- [What is required] Write the data out again exactly, dropping any images it holds.

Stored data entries
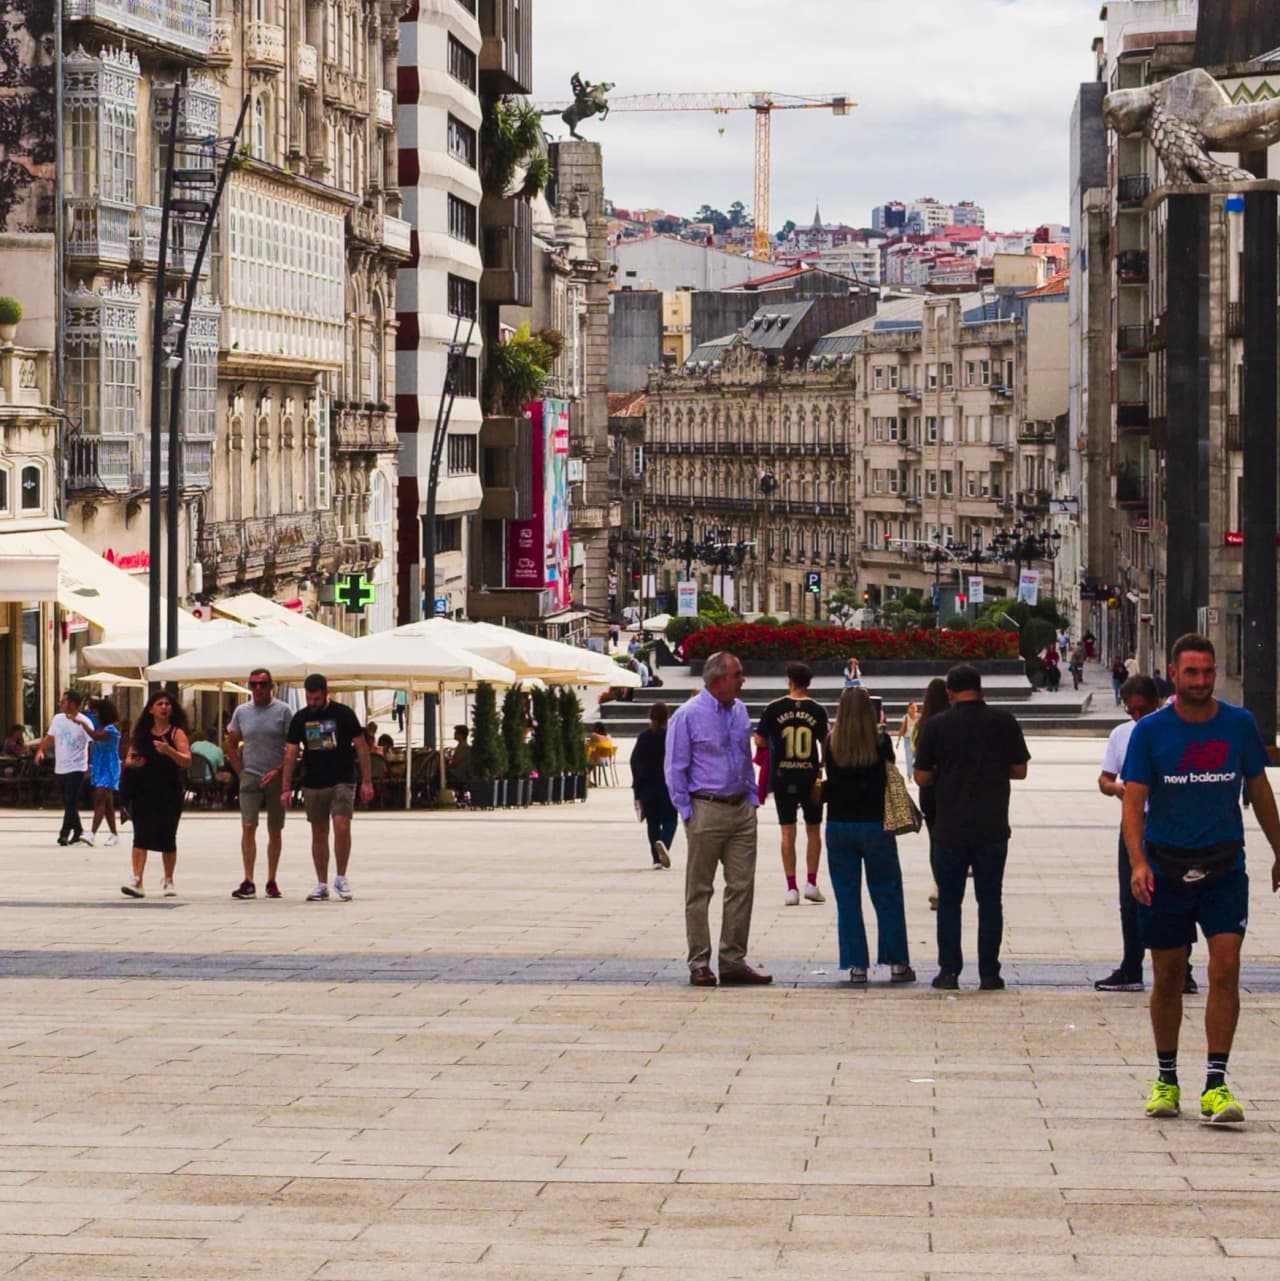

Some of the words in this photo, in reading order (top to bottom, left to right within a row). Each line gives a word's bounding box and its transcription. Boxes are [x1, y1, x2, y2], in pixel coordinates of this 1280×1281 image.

[809, 574, 818, 585] P
[783, 726, 813, 759] 10
[1163, 775, 1189, 784] new
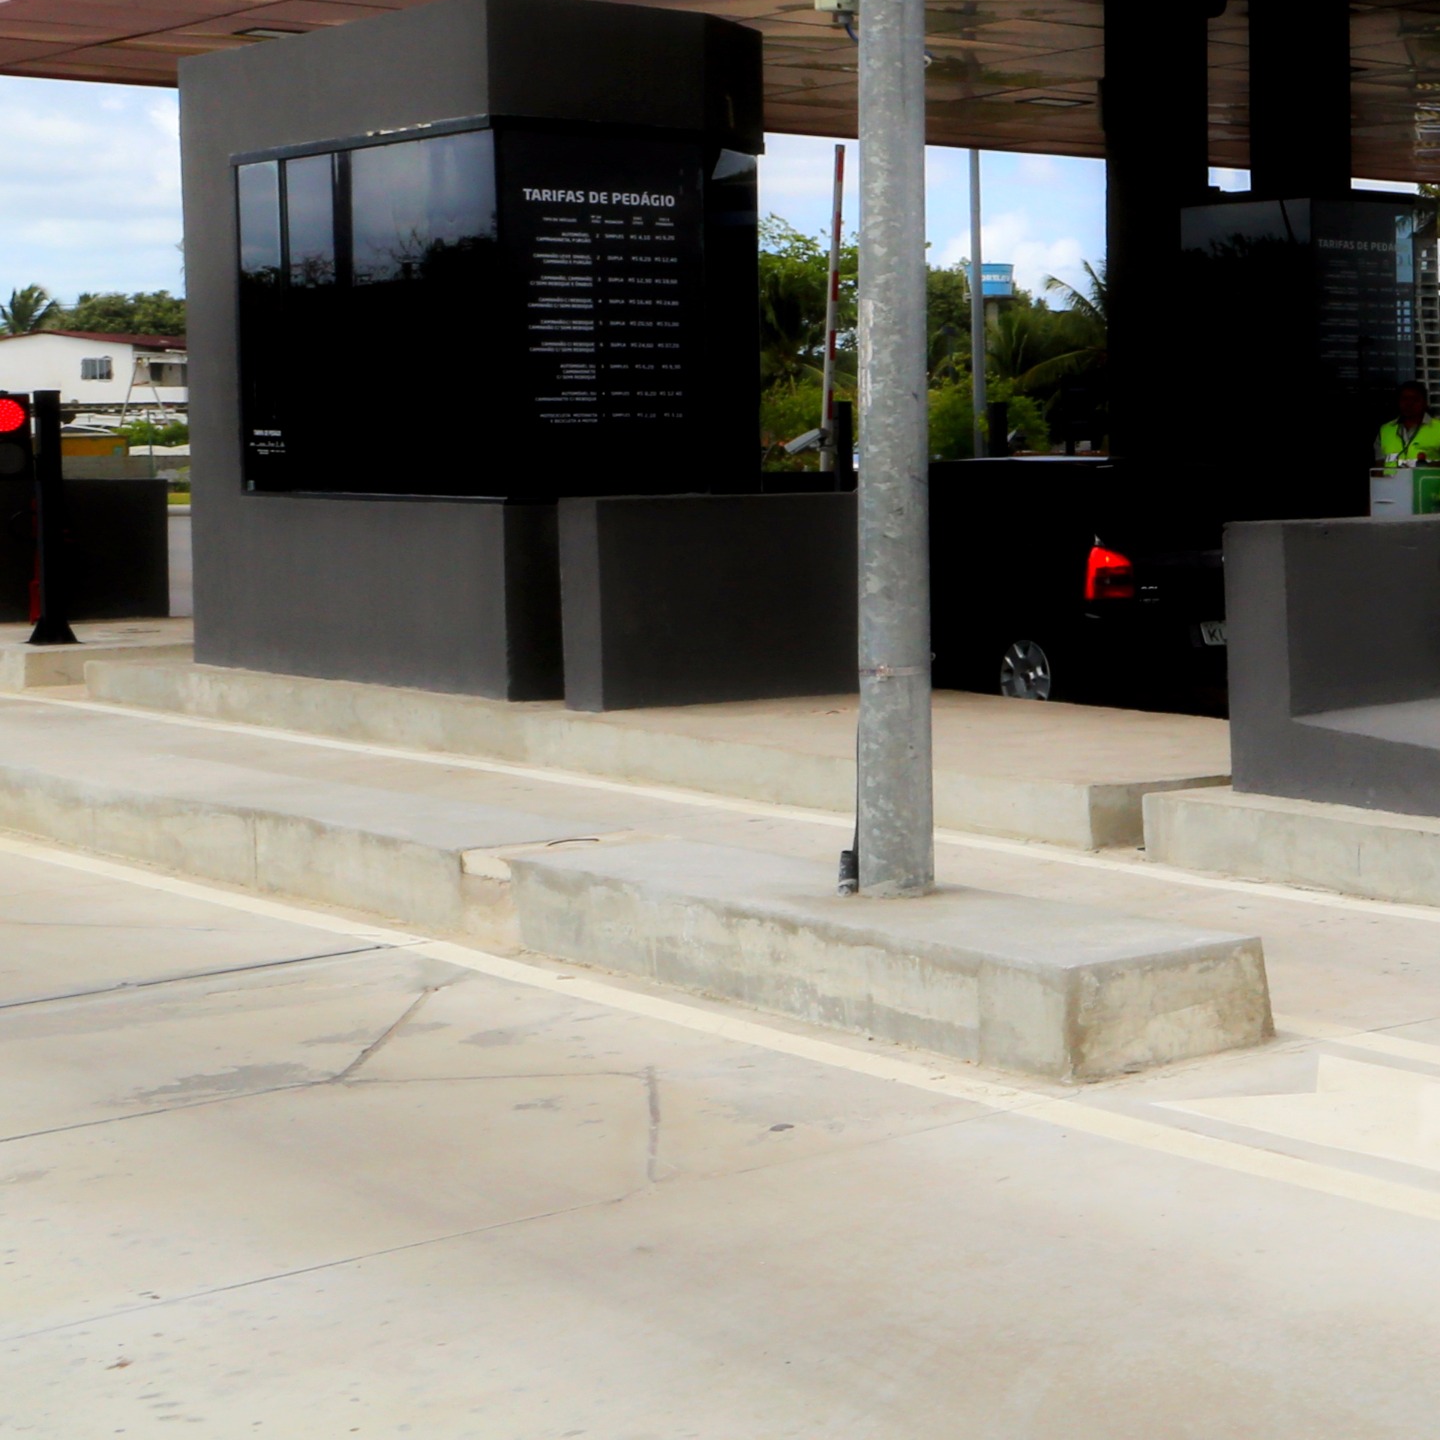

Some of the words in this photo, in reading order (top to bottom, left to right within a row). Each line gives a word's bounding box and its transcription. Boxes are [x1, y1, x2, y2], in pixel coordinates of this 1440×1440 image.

[522, 188, 585, 203] TARIFAS
[588, 191, 609, 204] DE
[611, 191, 676, 207] PEDÁGIO

- [Problem solution]
Some of the words in this photo, in reading order (top to bottom, left to right within a row). Each line gives a word's bounding box and its transcription. Boxes are [x1, y1, x2, y2], in pixel coordinates of this 1280×1281 image.

[809, 574, 818, 585] P
[783, 726, 813, 759] 10
[1163, 775, 1189, 784] new

Some of the words in this photo, in reading order (top to bottom, left to right within a row). Each line gives a word's bounding box and its transcription. Boxes are [x1, y1, x2, y2], in pixel coordinates of this 1440×1440 image.

[522, 188, 585, 203] TARIFAS
[588, 191, 609, 204] DE
[611, 191, 676, 207] PEDÁGIO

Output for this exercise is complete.